Records shown
┄┄┄┄┄┄

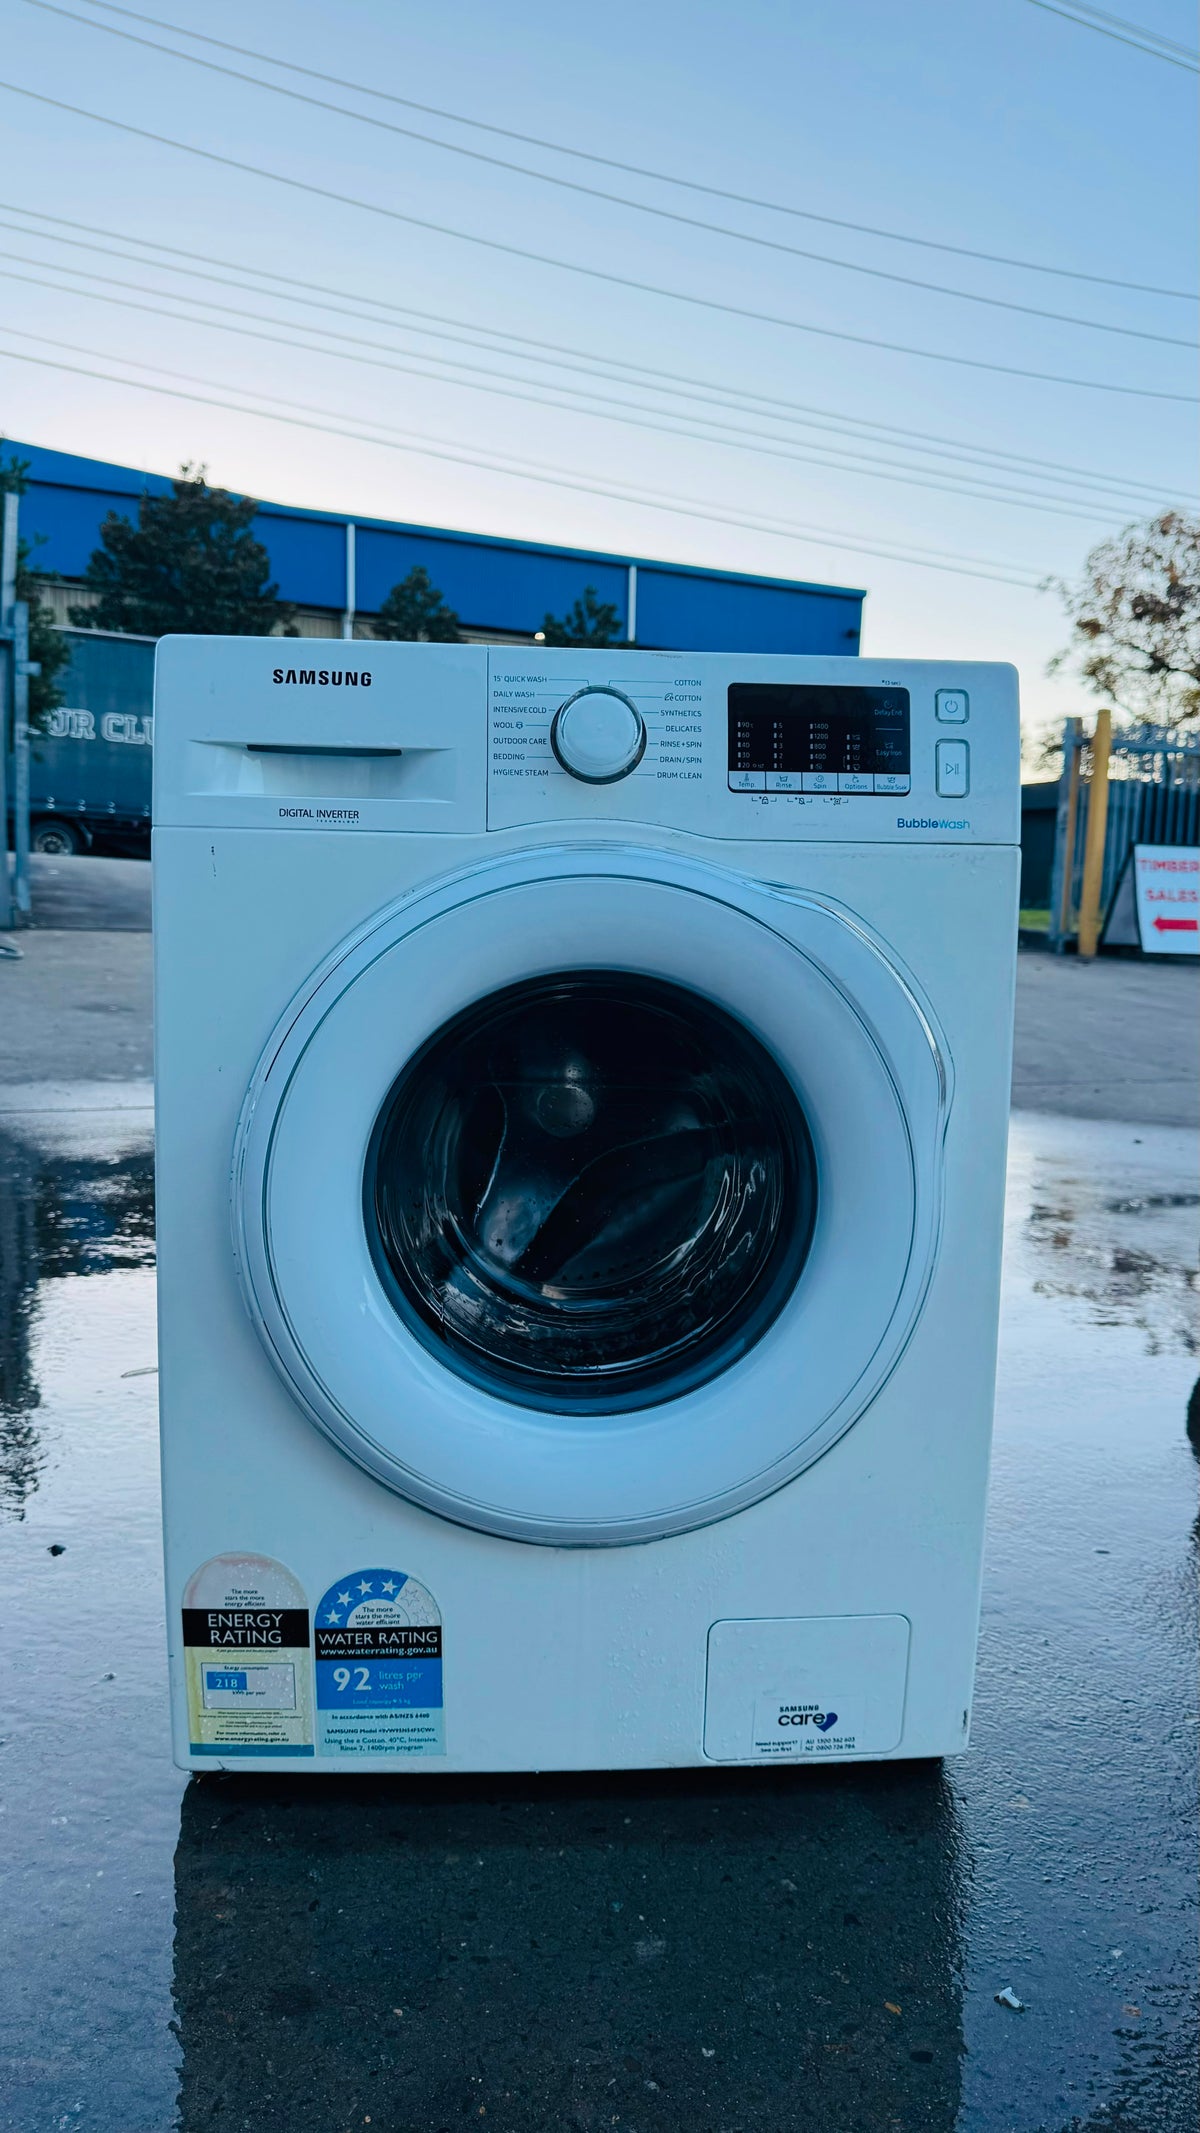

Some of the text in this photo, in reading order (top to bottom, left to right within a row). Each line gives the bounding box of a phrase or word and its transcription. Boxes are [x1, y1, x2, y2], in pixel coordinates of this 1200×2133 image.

[272, 669, 372, 687] SAMSUNG
[504, 675, 526, 683] QUICK
[660, 709, 702, 717] SYNTHETICS
[493, 721, 514, 729] WOOL
[660, 740, 680, 748] RINSE
[844, 783, 868, 791] Options
[279, 808, 359, 819] DIGITAL INVERTER
[897, 818, 971, 829] BubbleWash
[1139, 859, 1200, 872] TIMBER
[1146, 889, 1198, 902] SALES
[207, 1613, 283, 1628] ENERGY
[210, 1629, 282, 1644] RATING
[318, 1631, 438, 1645] WATER RATING
[320, 1646, 438, 1656] www.waterrating.gov.au
[215, 1678, 238, 1688] 218
[333, 1667, 372, 1691] 92
[378, 1671, 404, 1680] litres
[379, 1681, 404, 1690] wash
[778, 1713, 825, 1726] care

┄┄┄┄┄┄

What you will do
The material above must be set down word for word, with no picture carried over.

Task solution
Some of the text in this photo, in reading order (top to bottom, left to right within a row). Each line gives the bounding box of a phrase or word and its transcription. Boxes are [x1, y1, x2, y2], in pixel coordinates of this 1200×2133 image.

[272, 669, 372, 687] SAMSUNG
[504, 675, 526, 683] QUICK
[660, 709, 702, 717] SYNTHETICS
[493, 721, 514, 729] WOOL
[660, 740, 680, 748] RINSE
[844, 783, 868, 791] Options
[279, 808, 359, 819] DIGITAL INVERTER
[897, 818, 971, 829] BubbleWash
[1139, 859, 1200, 872] TIMBER
[1146, 889, 1198, 902] SALES
[207, 1613, 283, 1628] ENERGY
[210, 1629, 282, 1644] RATING
[318, 1631, 438, 1645] WATER RATING
[320, 1646, 438, 1656] www.waterrating.gov.au
[215, 1678, 238, 1688] 218
[333, 1667, 372, 1691] 92
[378, 1671, 404, 1680] litres
[379, 1681, 404, 1690] wash
[778, 1713, 825, 1726] care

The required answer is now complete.